Whenever a picture appears, leave it out while repeating all the other data exactly.
***** GIVEN DATA *****
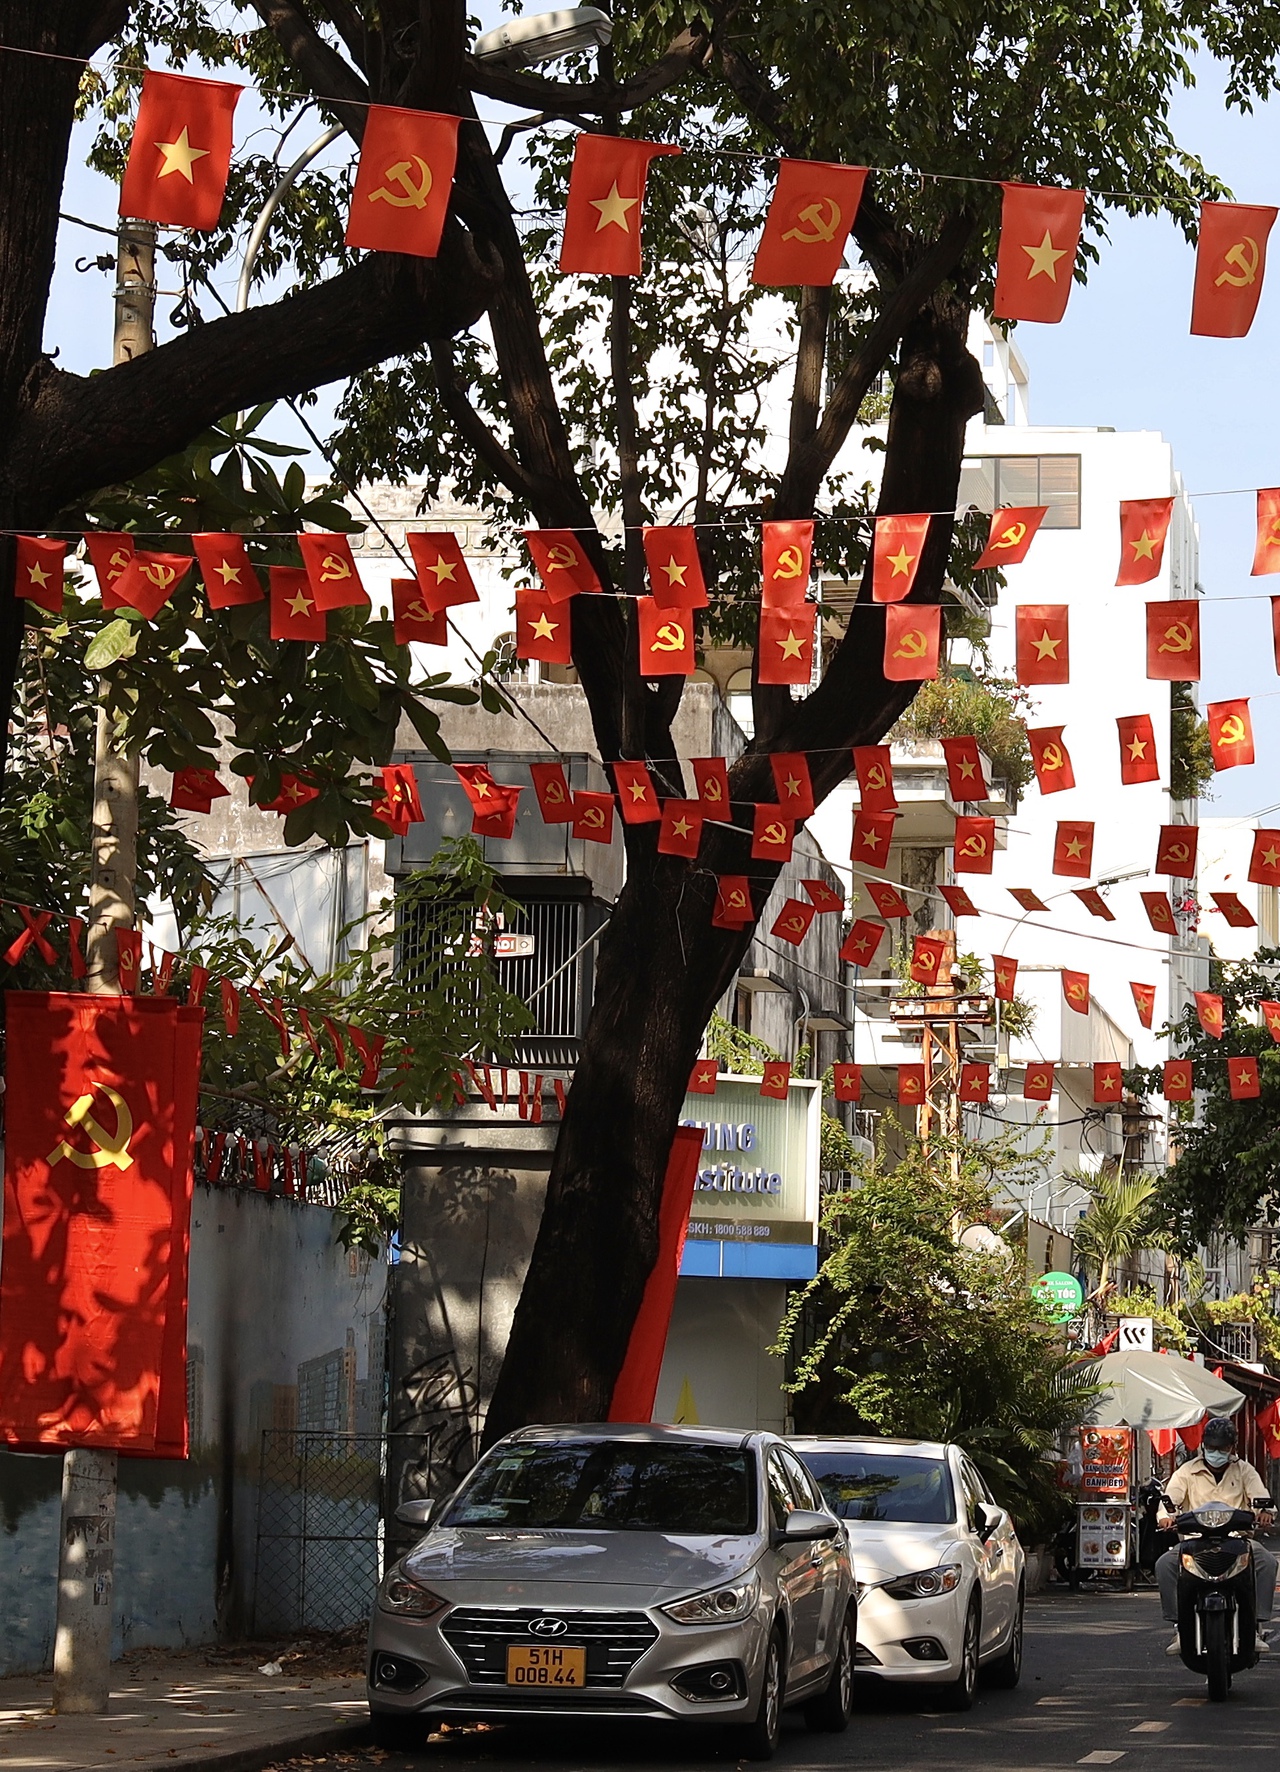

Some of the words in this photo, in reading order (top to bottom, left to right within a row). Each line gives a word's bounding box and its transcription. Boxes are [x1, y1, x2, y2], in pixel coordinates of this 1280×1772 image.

[680, 1119, 756, 1152] UNG
[693, 1162, 782, 1194] stitute
[687, 1222, 712, 1235] SKH:
[714, 1223, 735, 1235] 1800
[1057, 1288, 1076, 1299] TÓC
[529, 1648, 563, 1666] 51H
[515, 1666, 576, 1685] 008.44
*****
### TASK SOLUTION
Some of the words in this photo, in reading order (top to bottom, left to right within a row). Each line gives a word's bounding box and its transcription. Boxes are [x1, y1, x2, y2], in pixel coordinates of this 1280×1772 image.

[680, 1119, 756, 1152] UNG
[693, 1162, 782, 1194] stitute
[687, 1222, 712, 1235] SKH:
[714, 1223, 735, 1235] 1800
[1057, 1288, 1076, 1299] TÓC
[529, 1648, 563, 1666] 51H
[515, 1666, 576, 1685] 008.44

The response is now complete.